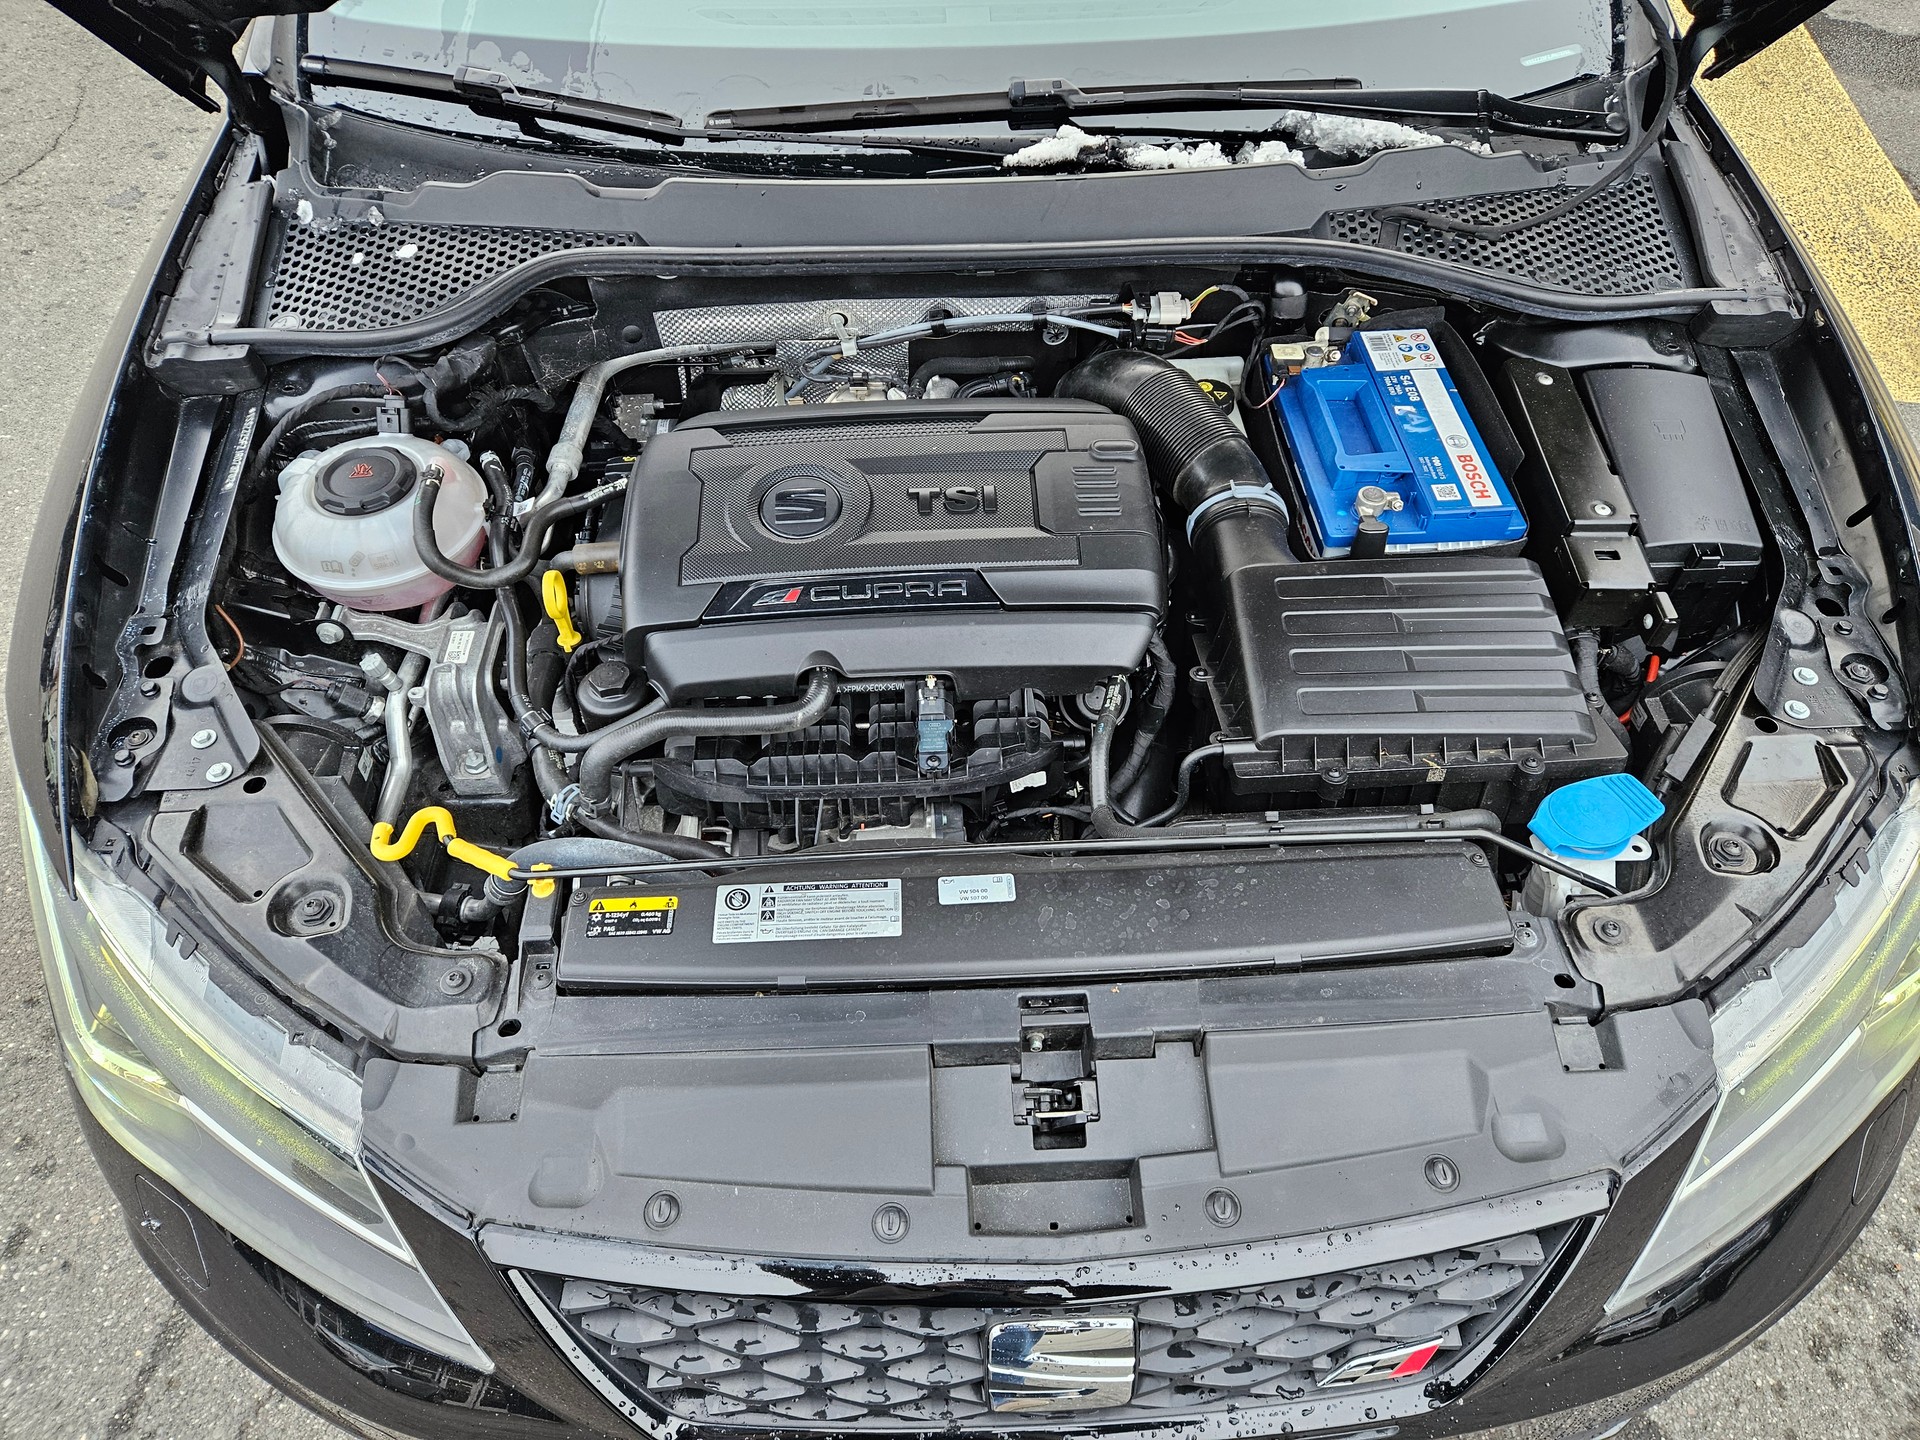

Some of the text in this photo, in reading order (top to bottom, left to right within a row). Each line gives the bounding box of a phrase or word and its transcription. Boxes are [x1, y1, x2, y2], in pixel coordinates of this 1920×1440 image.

[1400, 375, 1420, 402] S4 E08
[1456, 454, 1492, 499] BOSCH
[907, 485, 999, 516] TSI
[810, 580, 968, 603] CUPRA
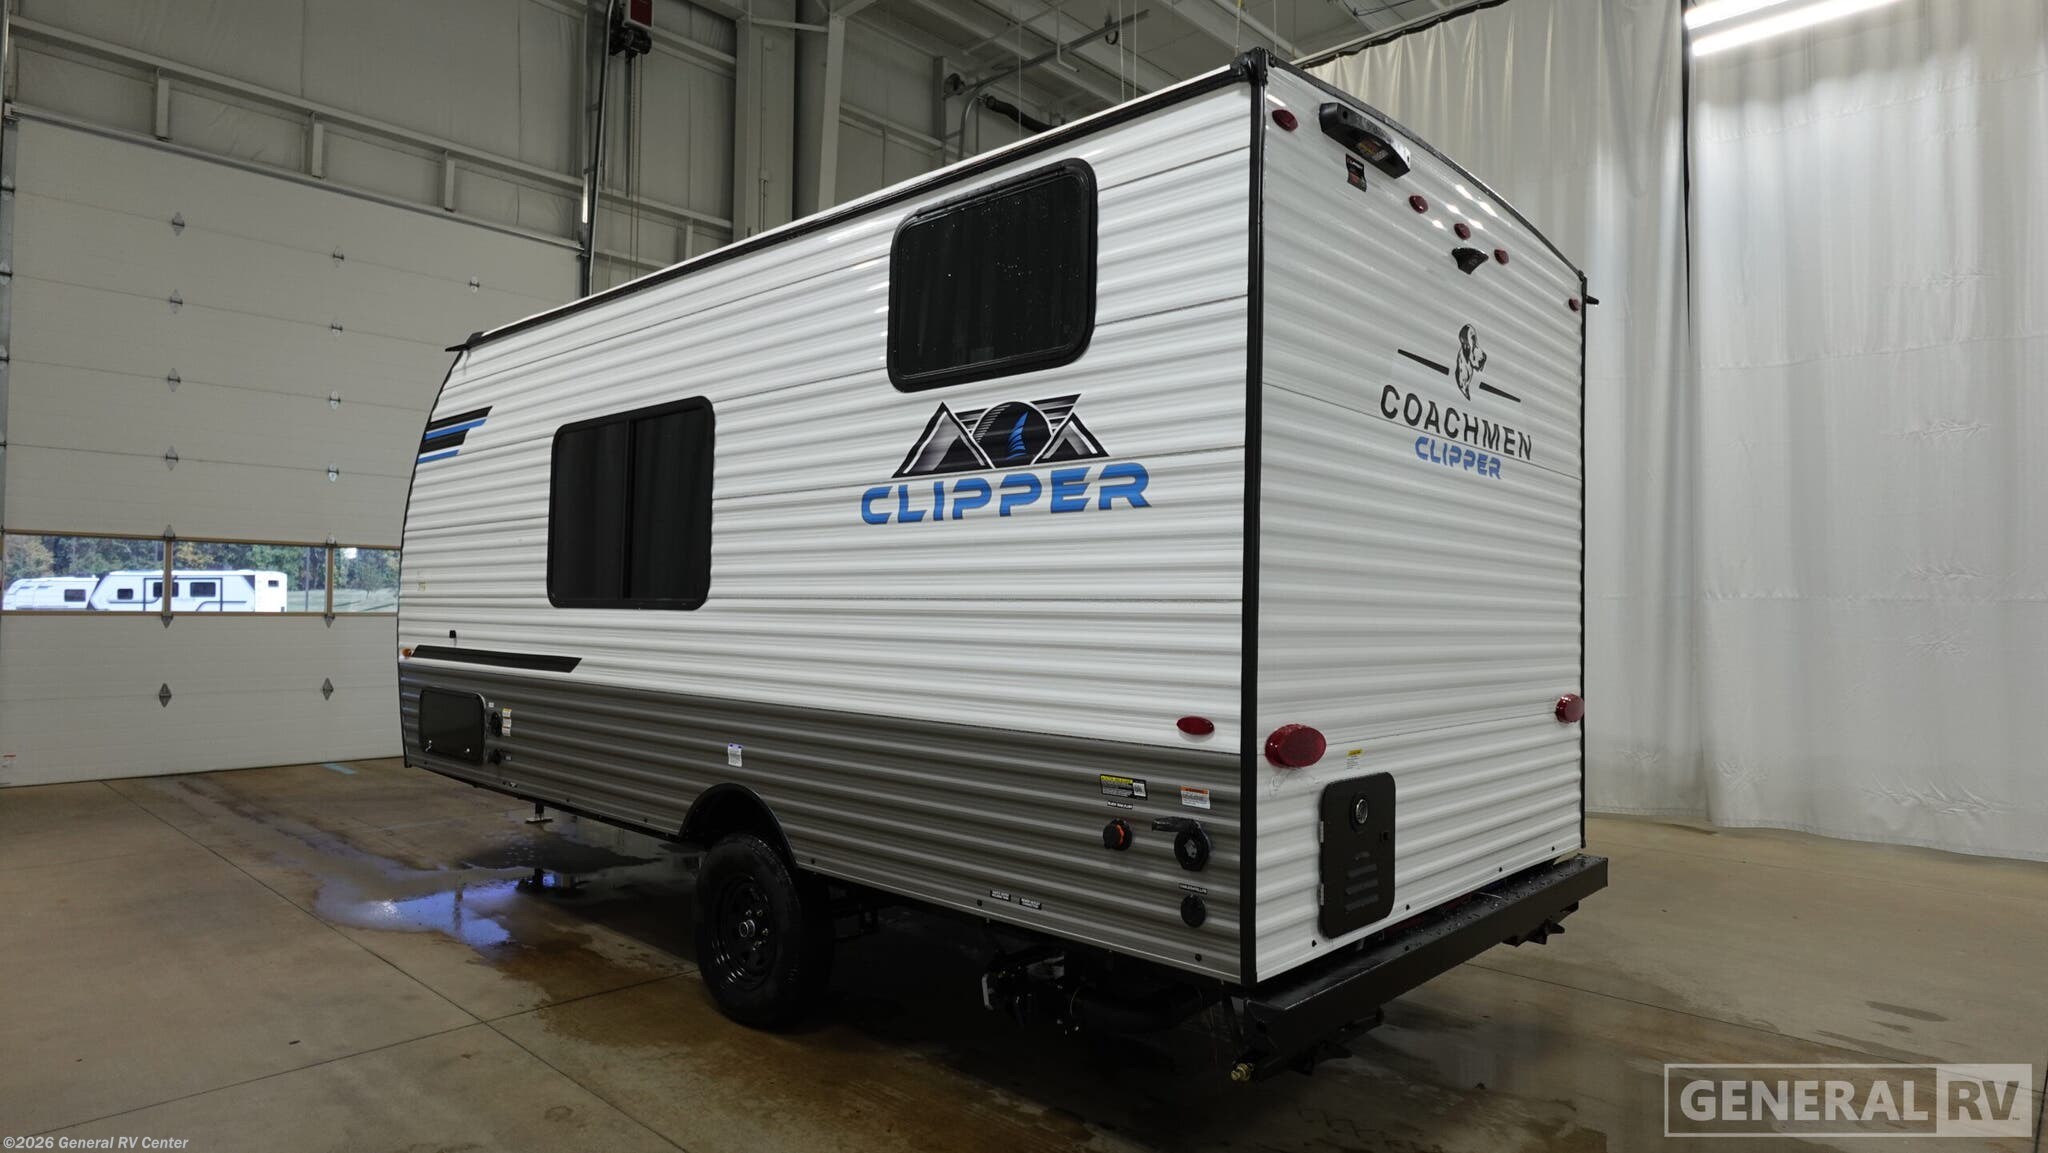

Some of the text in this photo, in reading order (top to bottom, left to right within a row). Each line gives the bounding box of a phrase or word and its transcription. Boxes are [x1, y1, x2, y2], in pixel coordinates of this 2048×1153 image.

[1381, 385, 1532, 460] COACHMEN
[1415, 436, 1501, 479] CLIPPER
[861, 462, 1152, 525] CLIPPER
###
- _What is being asked_
The listing above needs to be output again exactly. Don't include the pictures.

- _Task solution_
Some of the text in this photo, in reading order (top to bottom, left to right within a row). Each line gives the bounding box of a phrase or word and its transcription. Boxes are [x1, y1, x2, y2], in pixel coordinates of this 1920×1440 image.

[1400, 375, 1420, 402] S4 E08
[1456, 454, 1492, 499] BOSCH
[907, 485, 999, 516] TSI
[810, 580, 968, 603] CUPRA

Some of the text in this photo, in reading order (top to bottom, left to right within a row). Each line gives the bounding box of a phrase or word and its transcription. Boxes are [x1, y1, x2, y2], in pixel coordinates of this 2048×1153 image.

[1381, 385, 1532, 460] COACHMEN
[1415, 436, 1501, 479] CLIPPER
[861, 462, 1152, 525] CLIPPER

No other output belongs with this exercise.